(EXTRACTED ENTRIES)
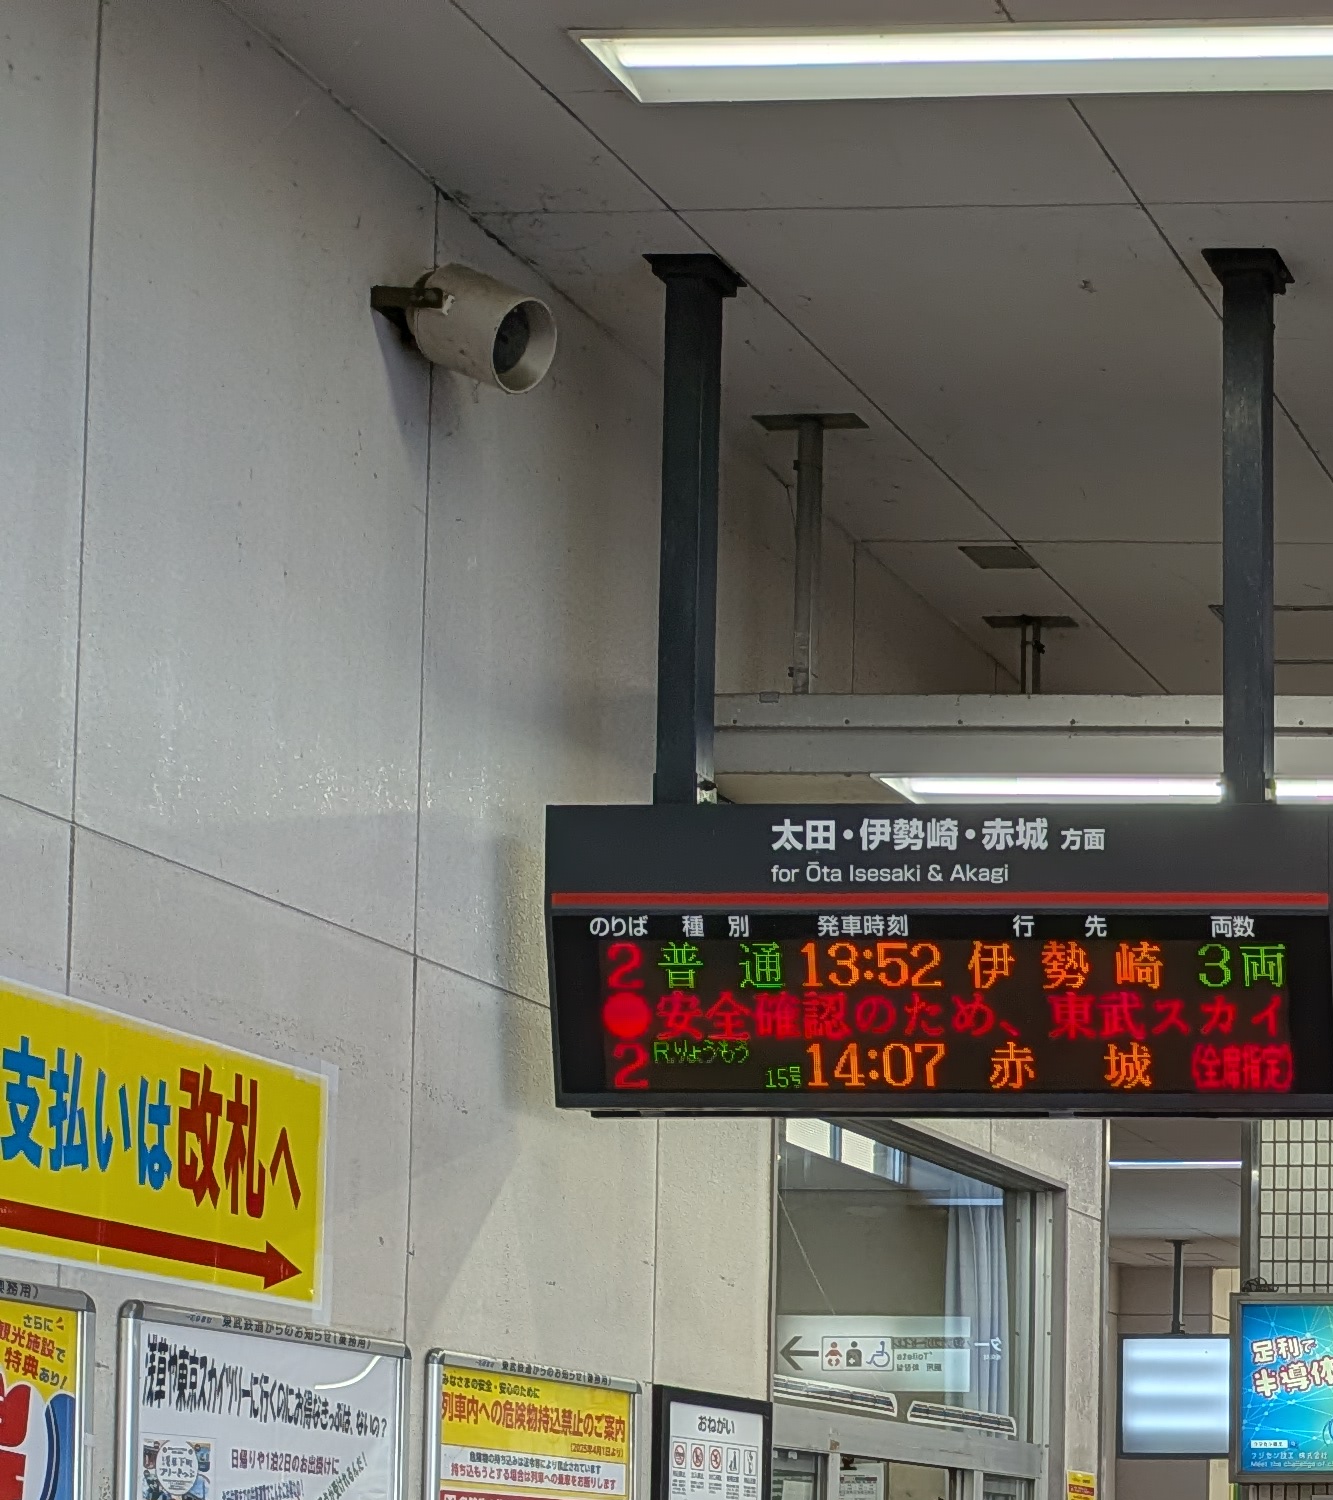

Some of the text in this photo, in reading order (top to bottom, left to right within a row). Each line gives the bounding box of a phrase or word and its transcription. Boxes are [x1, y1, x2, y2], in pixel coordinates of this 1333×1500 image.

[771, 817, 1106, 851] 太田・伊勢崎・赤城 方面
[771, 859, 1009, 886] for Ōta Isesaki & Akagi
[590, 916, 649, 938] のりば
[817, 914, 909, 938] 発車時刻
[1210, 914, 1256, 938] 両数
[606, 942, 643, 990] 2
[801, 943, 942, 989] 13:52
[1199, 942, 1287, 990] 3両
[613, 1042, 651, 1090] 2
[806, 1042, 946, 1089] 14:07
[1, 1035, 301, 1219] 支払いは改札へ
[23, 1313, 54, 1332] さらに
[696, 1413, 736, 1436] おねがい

(EXERCISE DETAILS) Your output should be the full set of entries above, restated word for word and free of pictures.

(RESULT OF THIS EXERCISE)
Some of the text in this photo, in reading order (top to bottom, left to right within a row). Each line gives the bounding box of a phrase or word and its transcription. Boxes are [x1, y1, x2, y2], in pixel coordinates of this 1333×1500 image.

[771, 817, 1106, 851] 太田・伊勢崎・赤城 方面
[771, 859, 1009, 886] for Ōta Isesaki & Akagi
[590, 916, 649, 938] のりば
[817, 914, 909, 938] 発車時刻
[1210, 914, 1256, 938] 両数
[606, 942, 643, 990] 2
[801, 943, 942, 989] 13:52
[1199, 942, 1287, 990] 3両
[613, 1042, 651, 1090] 2
[806, 1042, 946, 1089] 14:07
[1, 1035, 301, 1219] 支払いは改札へ
[23, 1313, 54, 1332] さらに
[696, 1413, 736, 1436] おねがい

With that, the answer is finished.